Türkiye’de 2013'te 13 bin 409 verem hastasına tanı konulduğu, 2005'ten bu yana tanı konulan hasta sayısının yaklaşık yüzde 35 oranında azaldığı bildirildi.
Türk Toraks Derneği Tüberküloz Çalışma Grubu Başkanı Doç. Dr. Tülin Sevim, ''68. Verem Savaşı ve Propaganda Haftası'' dolayısıyla AA muhabirine yaptığı açıklamada, tüberkülozu yani veremi, insanlığın en eski, en çok öldüren hastalıklarından biri olarak tanımladı.

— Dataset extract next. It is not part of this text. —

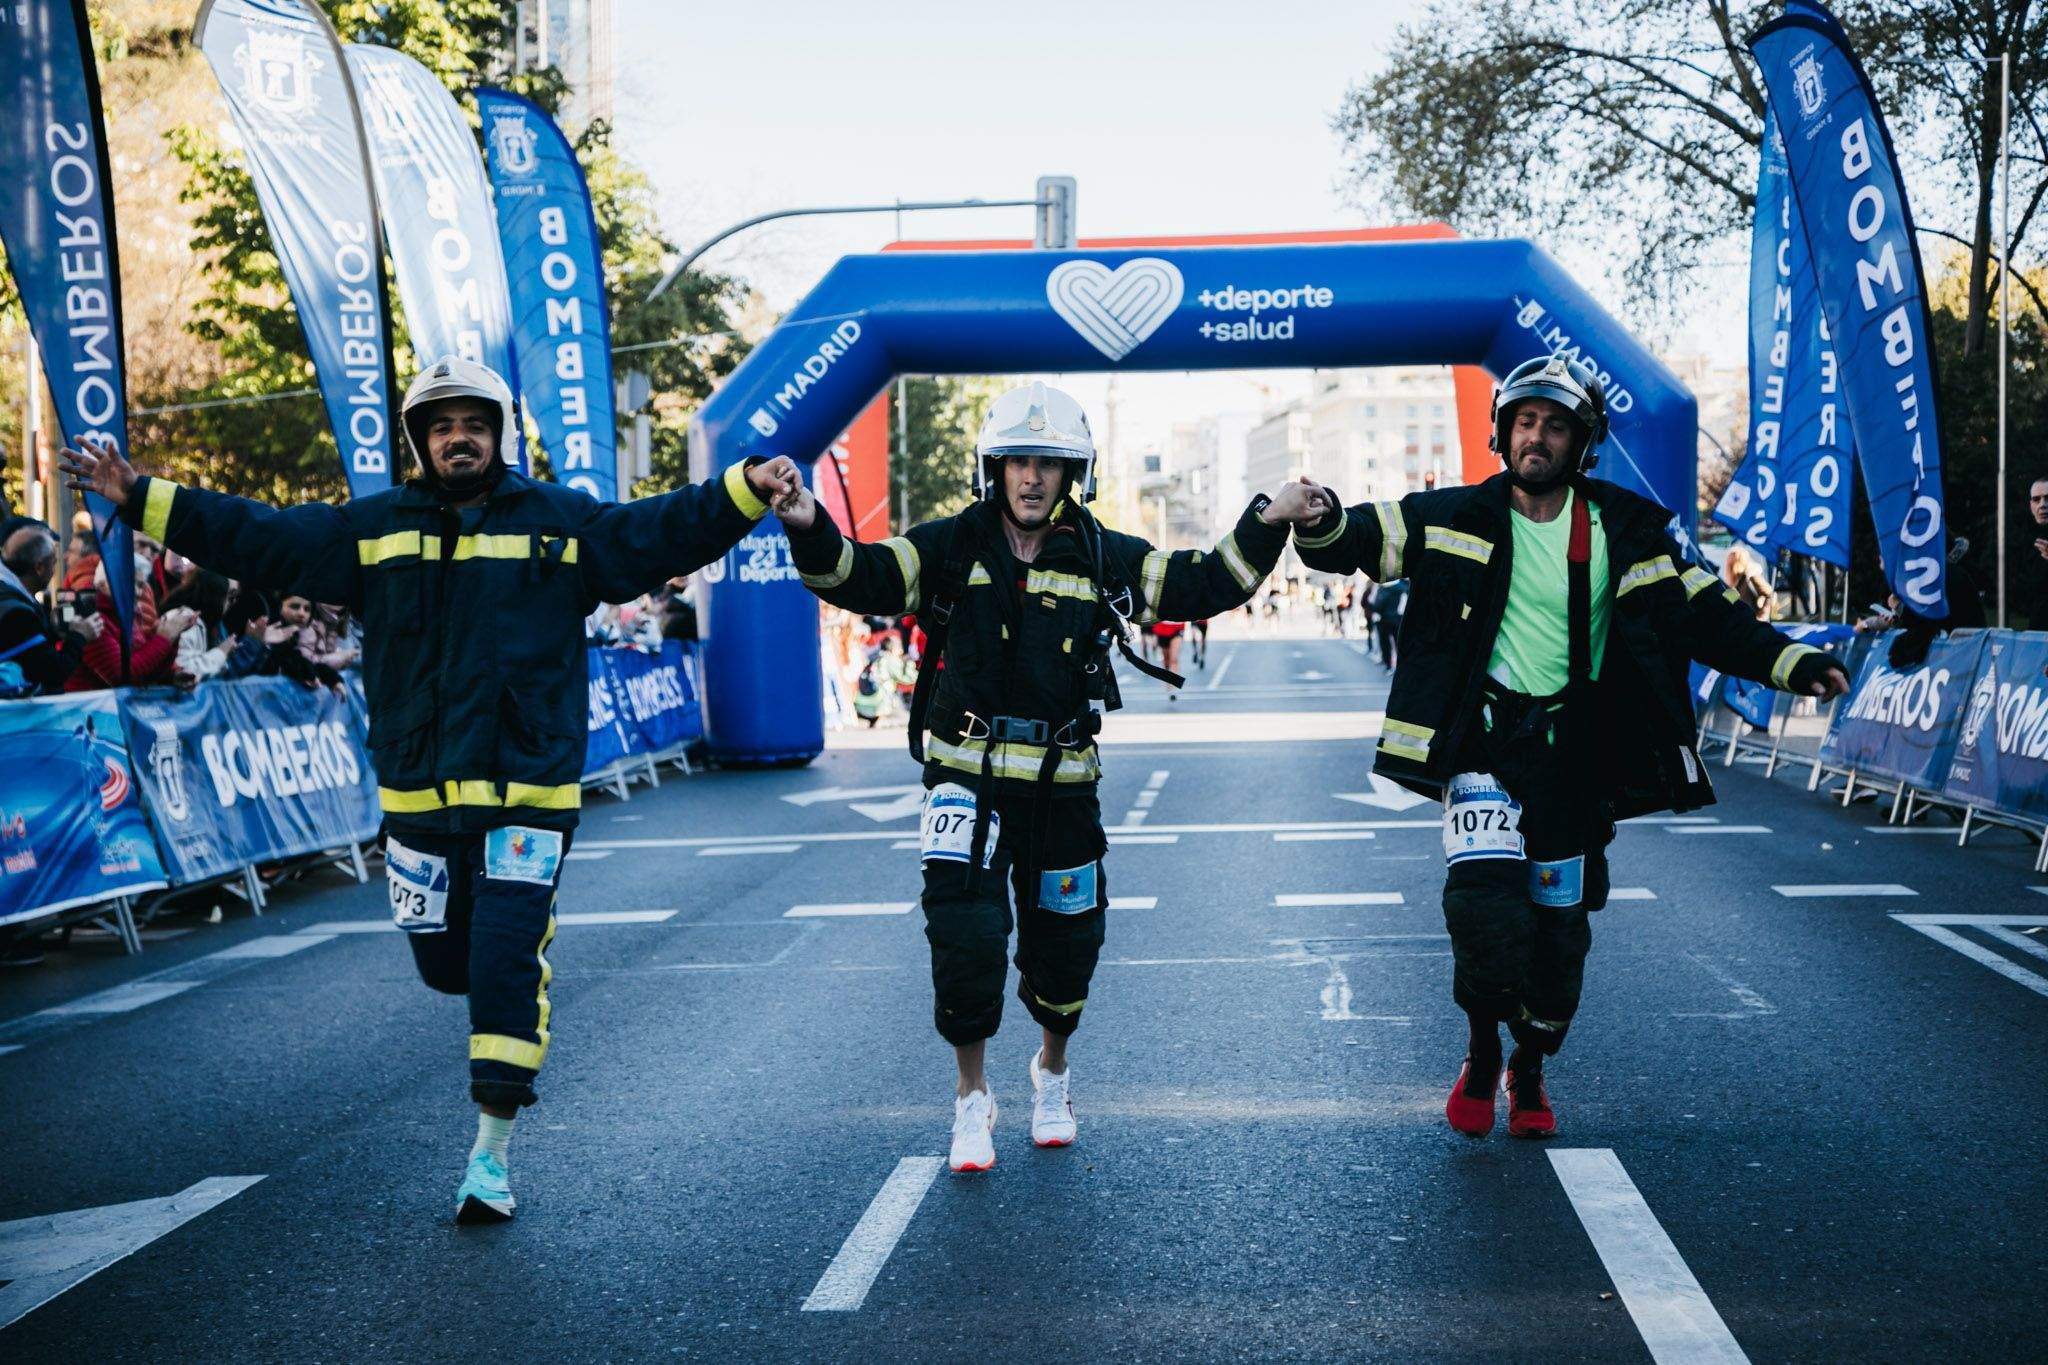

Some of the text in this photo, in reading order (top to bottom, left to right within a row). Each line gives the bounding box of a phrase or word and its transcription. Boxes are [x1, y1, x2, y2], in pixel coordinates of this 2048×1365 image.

Veremin tedavisinin günümüzde mümkün ve ucuz olduğunu belirten Sevim, "Ancak buna rağmen hala dünyada büyük bir sağlık sorunudur'' dedi.
Tüberküloz mikrobunun (basili) hava yoluyla hastadan sağlıklı kişiye bulaştığına işaret eden Sevim, öksürüğün hastalığın yayılmasında önemli olduğunu kaydetti. En çok akciğerleri tutan hastalığın tüm organlarda görülebileceğini ifade eden Sevim, ''Tedavisi en az 6 ay sürer ve tümüyle iyileşir. Tedavi ile kısa sürede bulaştırıcılık sona erer. Bu nedenle düzenli ilaç kullanan hasta bulaştırıcı değildir. Tedavisiz kalan ya da düzensiz tedavi alan hastaların bulaştırıcılığı sürer, hastalık ilerler ve ölümlere neden olabilir'' şeklinde konuştu.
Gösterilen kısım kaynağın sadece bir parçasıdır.